Prediction of in vivo hepatic clearance and half-life of drug candidates in human using chimeric mice with humanized liver.

Accurate prediction of pharmacokinetics (PK) parameters in humans from animal data is difficult for various reasons, including species differences. However, chimeric mice with humanized liver (PXB mice; urokinase-type plasminogen activator/severe combined immunodeficiency mice repopulated with approximately 80% human hepatocytes) have been developed. The expression levels and metabolic activities of cytochrome P450 (P450) and non-P450 enzymes in the livers of PXB mice are similar to those in humans. In this study, we examined the predictability for human PK parameters from data obtained in PXB mice. Elimination of selected drugs involves multiple metabolic pathways mediated not only by P450 but also by non-P450 enzymes, such as UDP-glucuronosyltransferase, sulfotransferase, and aldehyde oxidase in liver. Direct comparison between in vitro intrinsic clearance (CL(int,in vitro)) in PXB mice hepatocytes and in vivo intrinsic clearance (CL(int,in vivo)) in humans, calculated based on a well stirred model, showed a moderate correlation (r² = 0.475, p = 0.009). However, when CL(int,in vivo) values in humans and PXB mice were compared similarly, there was a good correlation (r² = 0.754, p = 1.174 × 10⁻4). Elimination half-life (t(1/2)) after intravenous administration also showed a good correlation (r² = 0.886, p = 1.506 × 10⁻4) between humans and PXB mice. The rank order of CL and t(1/2) in human could be predicted at least, although it may not be possible to predict absolute values due to rather large prediction errors. Our results indicate that in vitro and in vivo experiments with PXB mice should be useful at least for semiquantitative prediction of the PK characteristics of candidate drugs in humans.

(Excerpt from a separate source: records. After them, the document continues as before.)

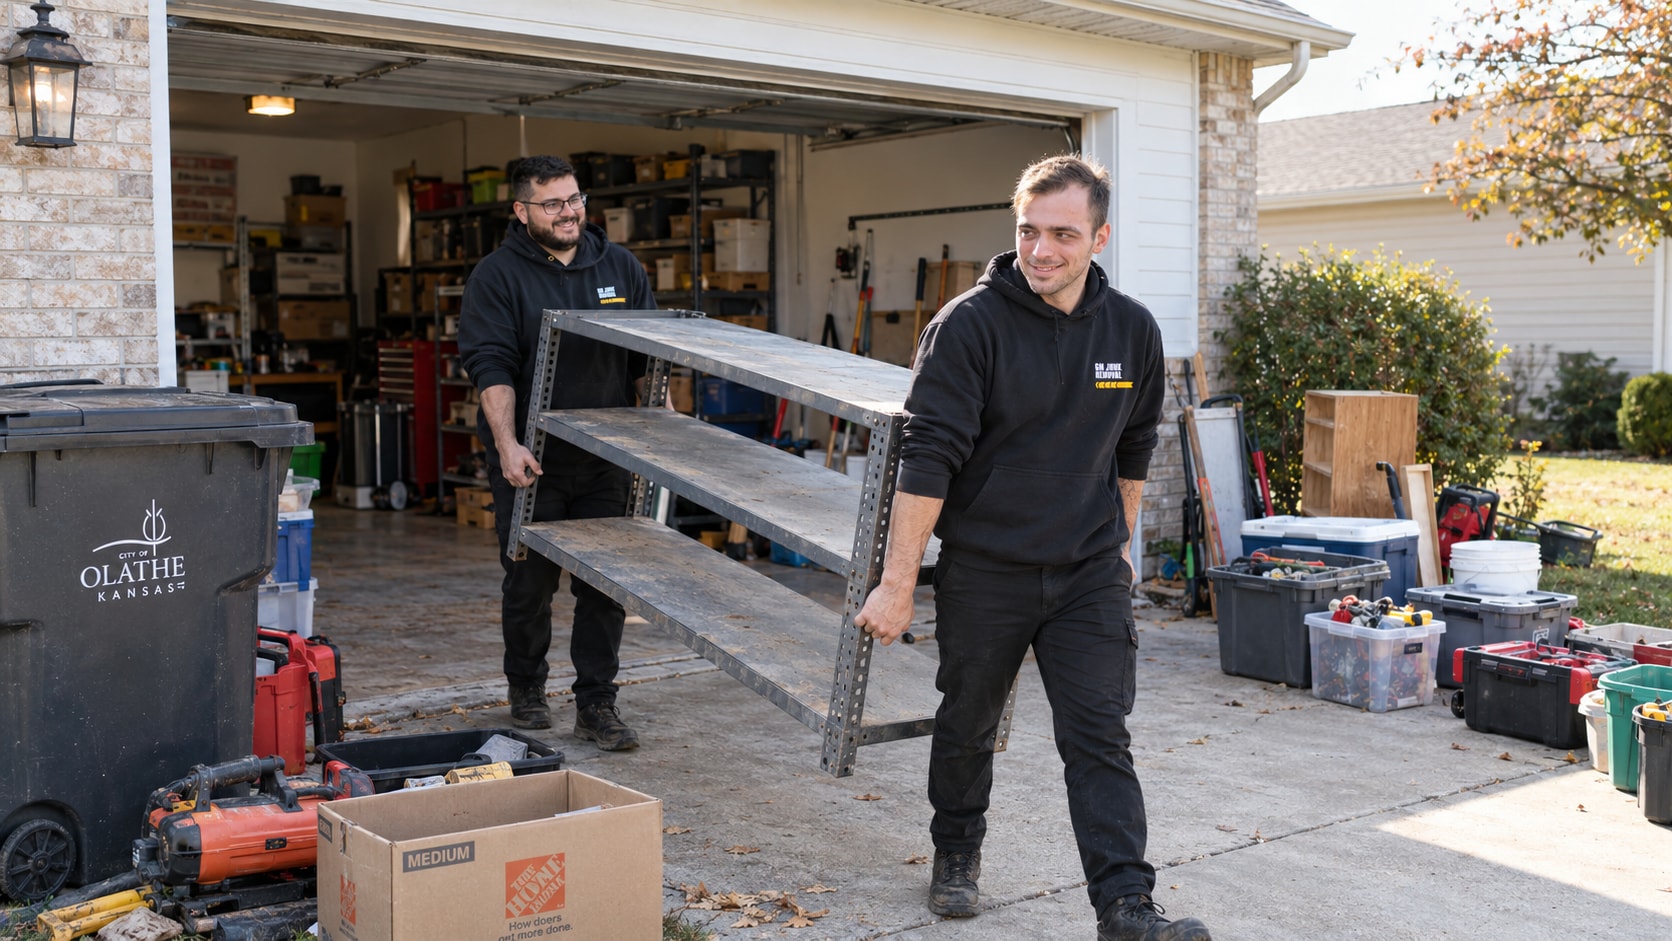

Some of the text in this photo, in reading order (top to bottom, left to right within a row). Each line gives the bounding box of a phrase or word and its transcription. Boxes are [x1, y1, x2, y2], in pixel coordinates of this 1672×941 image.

[80, 556, 186, 588] OLATHE
[98, 583, 175, 602] KANSAS
[408, 846, 470, 868] MEDIUM
[509, 915, 562, 931] How doers
[517, 929, 544, 939] more
[545, 923, 573, 934] done.

Prediction of human disposition toward S-3H-warfarin using chimeric mice with humanized liver.

Chimeric mice, constructed by transplanting human hepatocytes, are useful for predicting the human metabolism of drug candidates. In this study, we investigated whether these mice show similar metabolic profile to humans by examining the hydroxylation of S-warfarin reported to be mainly metabolized to S-7-hydroxywarfarin (7-OH-warfarin), catalyzed by CYP2C9, in humans. When S-(3)H-warfarin was administered to chimeric mice and control (uPA(+/+)/SCID(wt/wt)) mice, the blood concentration-time curve was higher in chimeric than control mice. Plasma protein binding of S-(3)H-warfarin of chimeric and control mice amounted to 98.1 and 92.1%, respectively. When S-(3)H-warfarin was administered to these mice, radioactivity was mainly recovered in urine (81.7% in chimeric mice and 65.9% in control mice). After S-(3)H-warfarin was administered to these mice, the radioactivity was recovered in the bile of chimeric and control mice at 5.1 and 17.9%, respectively. The main urinary metabolite in chimeric mice was 7-OH-warfarin. the main urinary metabolite in control mice was S-4'-hydroxywarfarin. These results show that mass balance, metabolic disposition of S-(3)H-warfarin in chimeric mice with humanized liver were similar to reported human data.